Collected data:
-=-=-

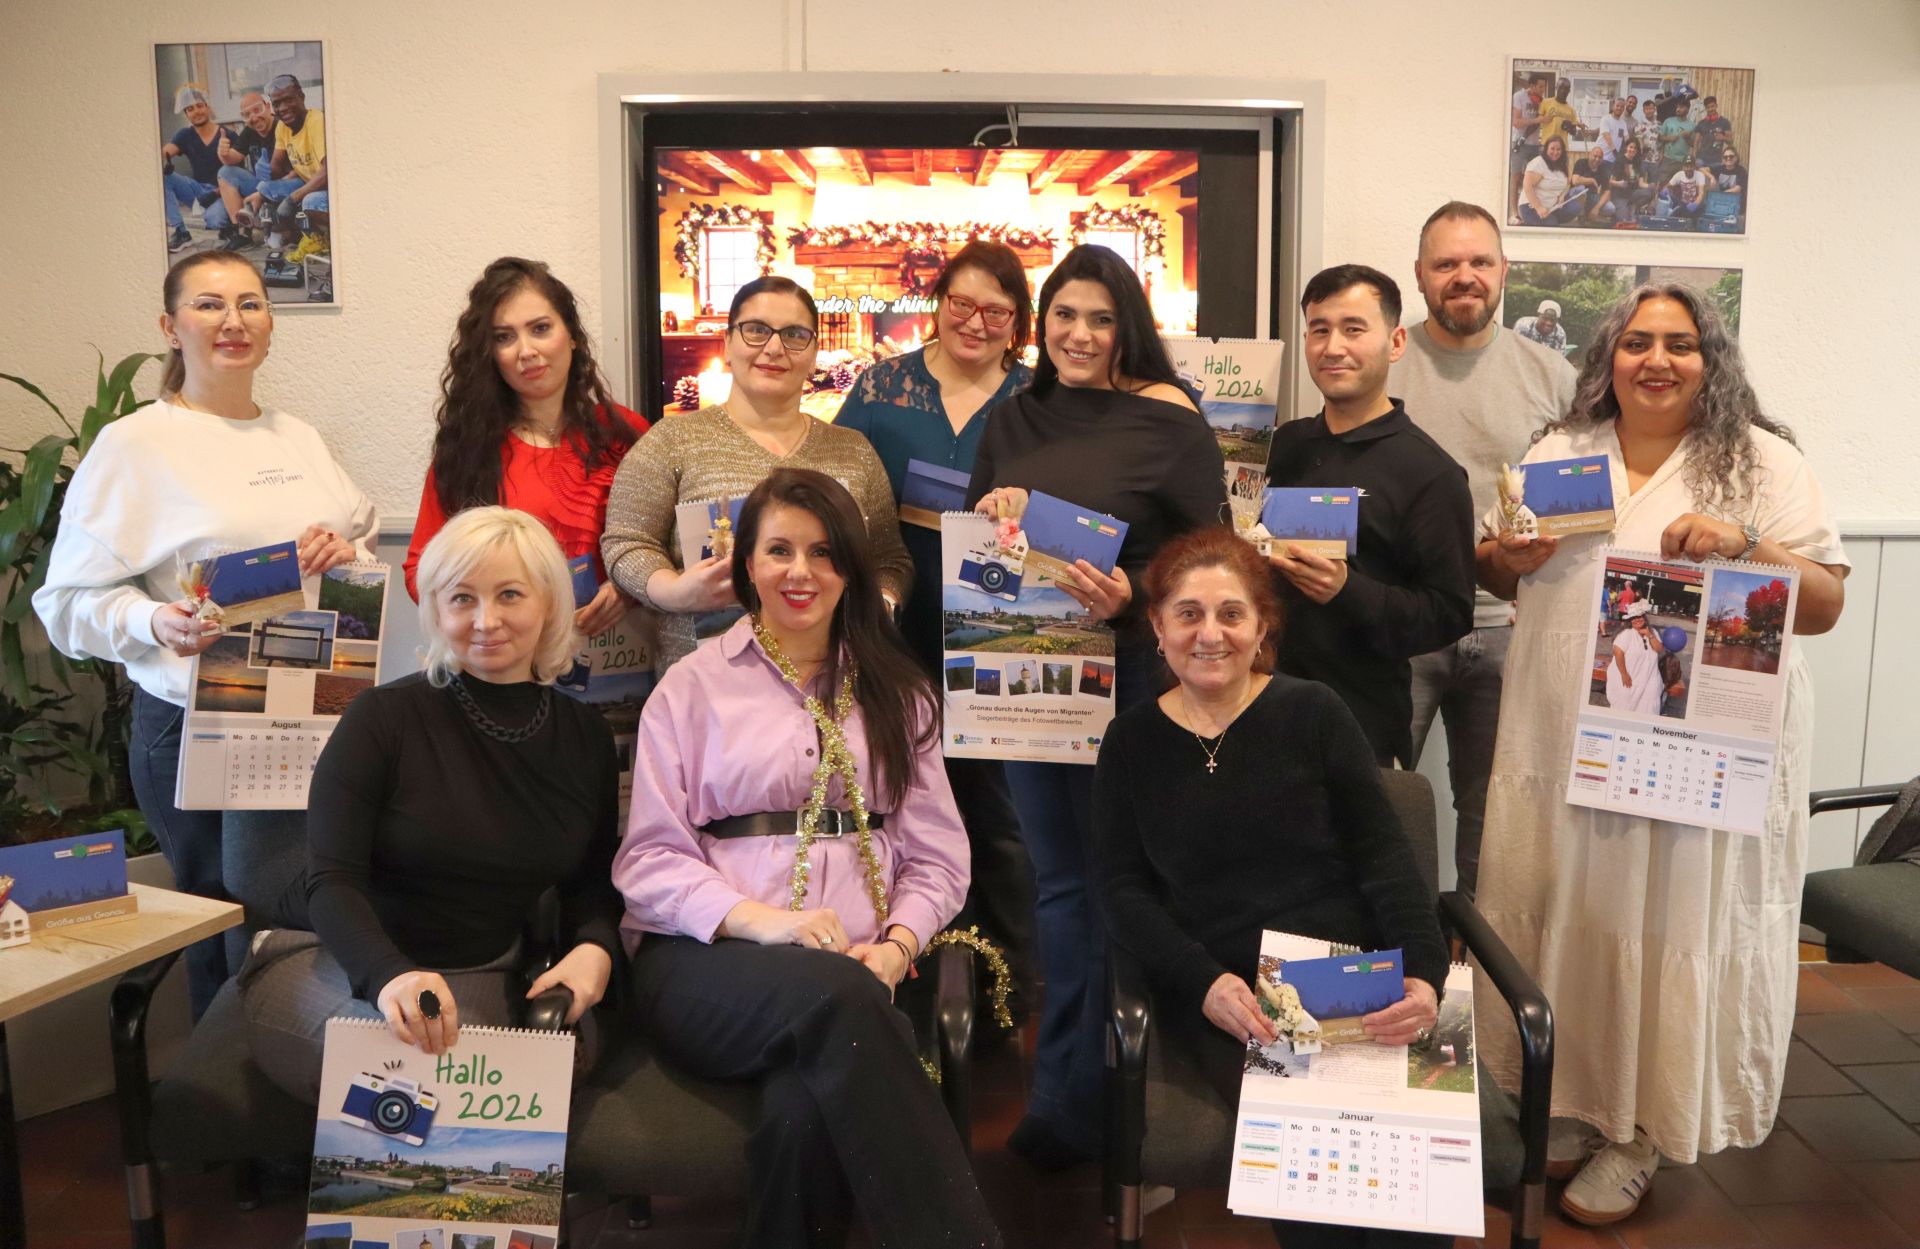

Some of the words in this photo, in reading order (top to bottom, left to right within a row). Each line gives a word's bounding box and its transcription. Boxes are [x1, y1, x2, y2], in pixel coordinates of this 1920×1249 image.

[814, 294, 855, 313] nder
[858, 294, 886, 313] the
[1204, 355, 1242, 376] Hallo
[1215, 378, 1264, 398] 2026
[602, 648, 648, 670] 2026
[271, 720, 302, 730] August
[1652, 726, 1698, 741] November
[435, 1053, 503, 1086] Hallo
[457, 1091, 543, 1122] 2026
[1338, 1112, 1374, 1122] Januar
[1328, 1188, 1336, 1196] 28
[1368, 1178, 1378, 1186] 23
[1388, 1181, 1398, 1189] 24
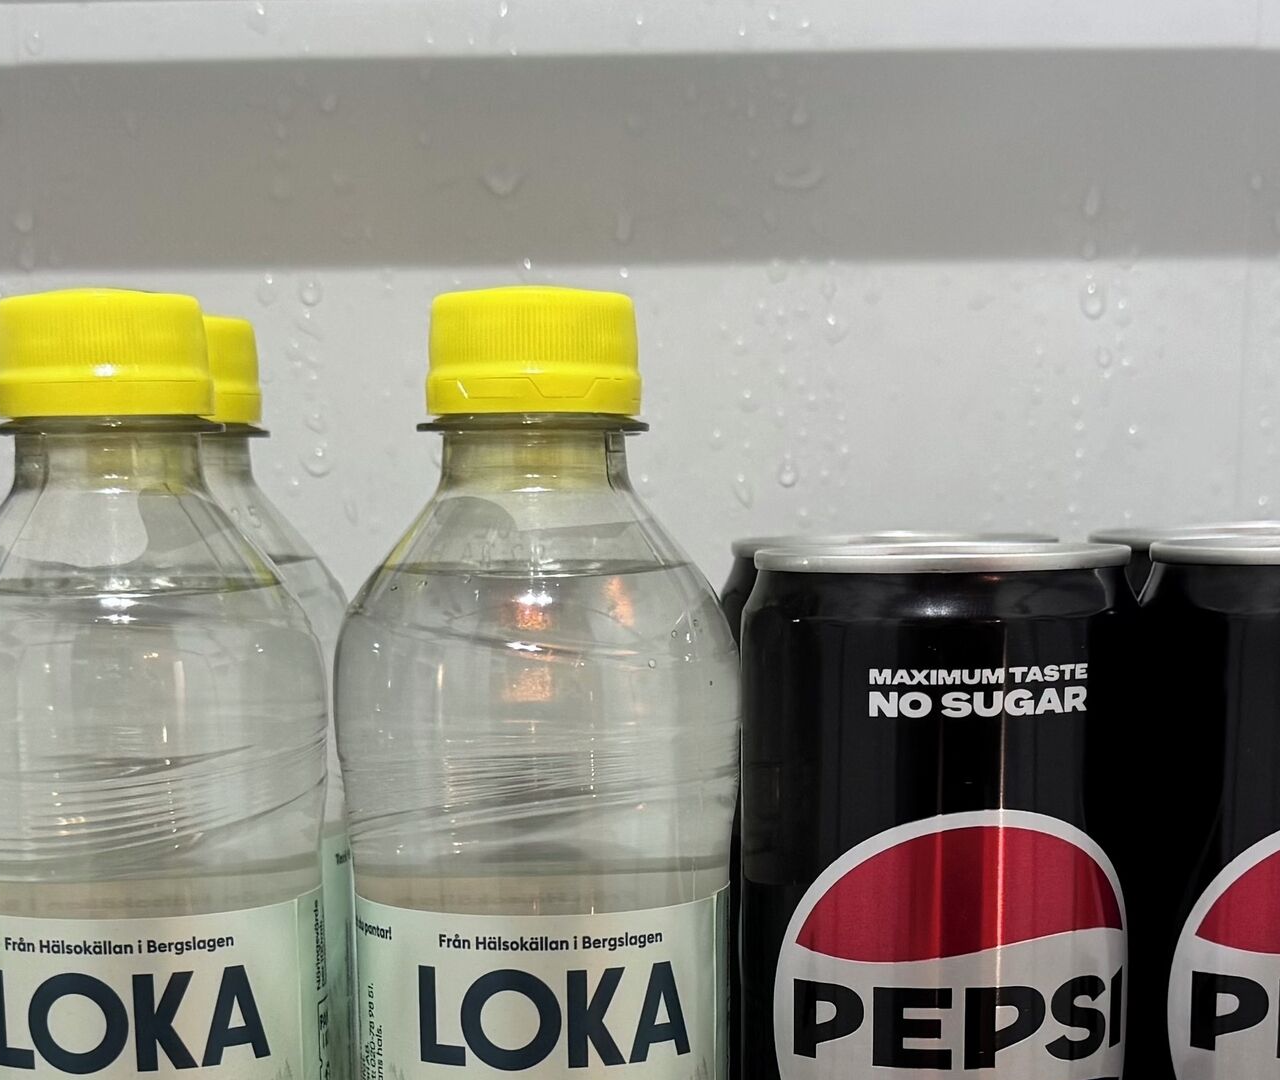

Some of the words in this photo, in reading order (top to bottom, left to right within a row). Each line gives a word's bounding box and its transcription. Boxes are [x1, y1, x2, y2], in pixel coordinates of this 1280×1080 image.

[868, 667, 1005, 686] MAXIMUM
[1009, 662, 1089, 684] TASTE
[868, 690, 932, 718] NO
[941, 686, 1088, 718] SUGAR
[4, 937, 36, 953] Från
[39, 940, 133, 956] Hälsokällan
[137, 939, 143, 955] i
[146, 935, 235, 956] Bergslagen
[438, 933, 471, 950] Från
[475, 936, 569, 952] Hälsokällan
[573, 936, 578, 950] i
[581, 930, 663, 951] Bergslagen
[418, 960, 691, 1072] LOKA
[793, 966, 1123, 1070] PEPSI

-=-=-

▶ [Exercise brief] Please retype the records above starting with the line that contains "this 1280×1080 image." and stopping after the last line, changing nothing.

▶ [Output below]
Some of the words in this photo, in reading order (top to bottom, left to right within a row). Each line gives a word's bounding box and its transcription. Boxes are [x1, y1, x2, y2], in pixel coordinates of this 1280×1080 image.

[868, 667, 1005, 686] MAXIMUM
[1009, 662, 1089, 684] TASTE
[868, 690, 932, 718] NO
[941, 686, 1088, 718] SUGAR
[4, 937, 36, 953] Från
[39, 940, 133, 956] Hälsokällan
[137, 939, 143, 955] i
[146, 935, 235, 956] Bergslagen
[438, 933, 471, 950] Från
[475, 936, 569, 952] Hälsokällan
[573, 936, 578, 950] i
[581, 930, 663, 951] Bergslagen
[418, 960, 691, 1072] LOKA
[793, 966, 1123, 1070] PEPSI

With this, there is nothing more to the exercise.